Television screens increasingly blaze in spaces outside of homes. In many settings, particularly at retail establishments, the TVs are perpetually tuned to a channel with nothing but commercials. In other instances, such as schools and government offices, the screens flash announcements and public safety information. This up-and-coming medium goes by different names, including captive audience networks, but the most common is digital signage.

Now, in a development with significant privacy implications, digital signage is slowly integrating identification technologies. The purpose is to boost audience measurement and exposure. The industry’s eventual wish is to target advertising to individual consumers based on demographics and shopping history.

Currently, most digital signs are just flat screens displayed in some trafficked area, playing a video loop. The contents of the video are often controlled via computer, enabling one master location to control thousands of connected units. However, from an advertiser’s perspective, a shortcoming of digital signage and billboards is the difficulty in determining who sees the display unit. This makes it difficult for advertisers or others to measure the size of the message’s audience and to target specific demographics within that audience. The industry’s solution appears to be teensy-weensy facial recognition cameras.

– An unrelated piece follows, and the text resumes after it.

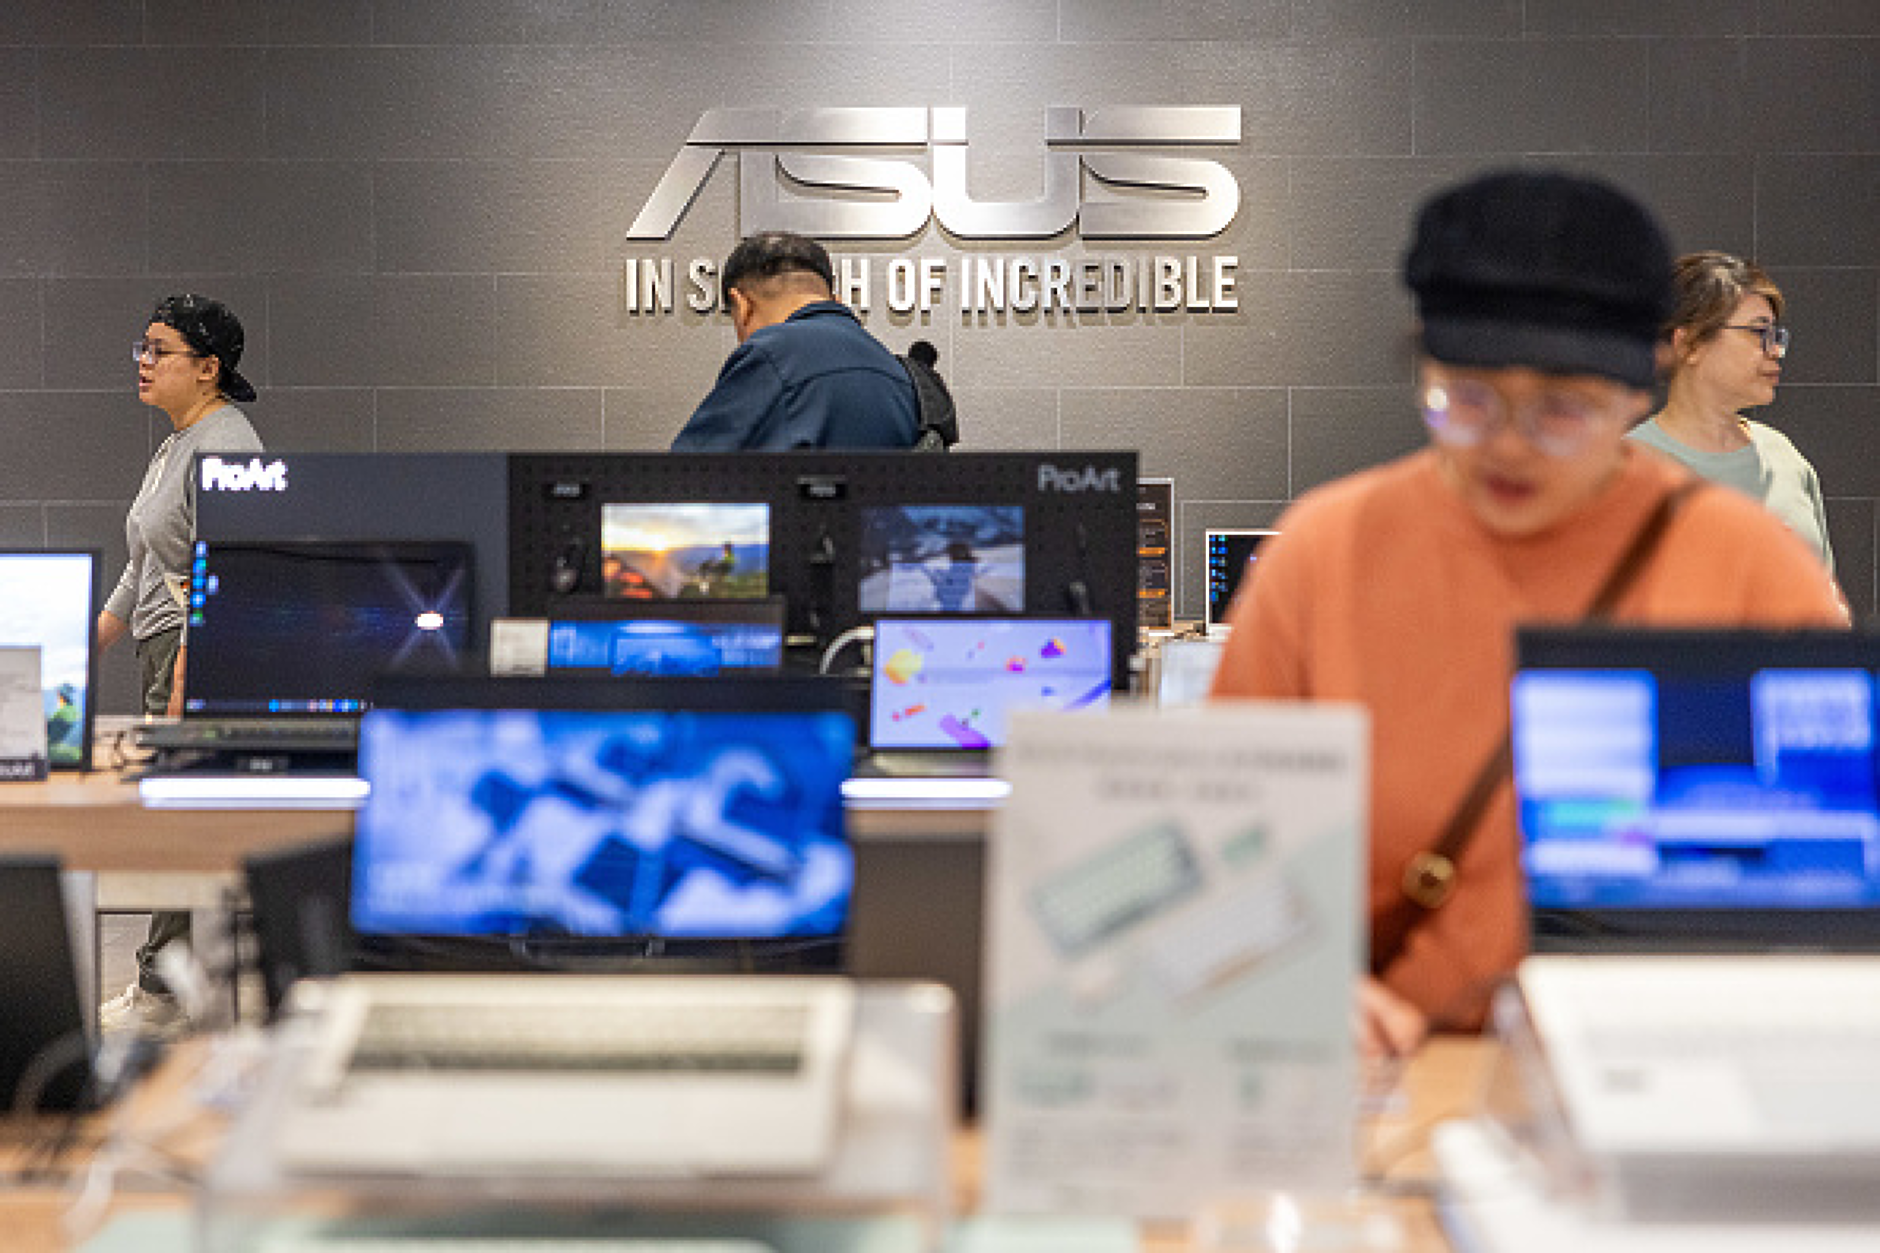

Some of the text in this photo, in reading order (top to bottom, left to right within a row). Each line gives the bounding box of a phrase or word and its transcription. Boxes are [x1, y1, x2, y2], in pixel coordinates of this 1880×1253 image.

These cameras can calculate a passerby’s age, gender, and race, and also determine how long an individual stays hypnotized by the display. This data is stored in a central database. The advertisement on the screen can then change to match the consumer. A similar effect is also being achieved with other technologies, such as Bluetooth and radio frequency identification (RFID). Proctor and Gamble set up a system at German retailer Metro Extra in which RFID tags embedded in product packaging generate related ads on nearby digital signs. In 2007, French retailer Gedenim installed a system in which RFID-equipped loyalty cards prompt targeted advertisements on digital signage kiosks. This is similar to a system Sprint demonstrated at a trade show in 2004. Both the Sprint and Gedenim systems identify individual shoppers and tailor advertising to their shopping histories. Gedenim’s digital signage system was also scheduled sometime this year to display ads triggered by the presence of mobile phones.

At least some companies that operate these systems vow never to collect individually identifiable data or store and share any images. But there’s little reason to believe this will be the industry norm in years to come. The trade associations’ websites, (DSA , OVAB and POPAI ) mention nothing of substance about privacy. Interestingly, the famous advertising scenes (particularly this one and this one ) in the movie Minority Report are often referenced, almost as an industry benchmark.

Digital signage privacy isn’t a frontline issue right now because the medium has yet to mature. A recent Infotrends study indicates that there are about 630,000 displays at 97,000 locations in the U.S., and only a fraction of those include identification technology. The biggest barrier to growth is the high cost of entry, but the components are steadily decreasing in cost and size. This is a billion-dollar business that grew at an annual rate of 56% over three years, and Infotrends forecasts continued double-digit growth into 2011. And by then, surely, the technology of the day will make all sorts of spooky things possible.

We are still some years away from a situation where consumers have nowhere to run or hide from an onslaught of advertising displays that call to them by name. However, it is clear that consumers will be increasingly entertained and persuaded by personalized digital media as they go through their daily routines, whether consumers want it or not. Now is the time to start considering the privacy issues, before they are dismissed as a "minority report."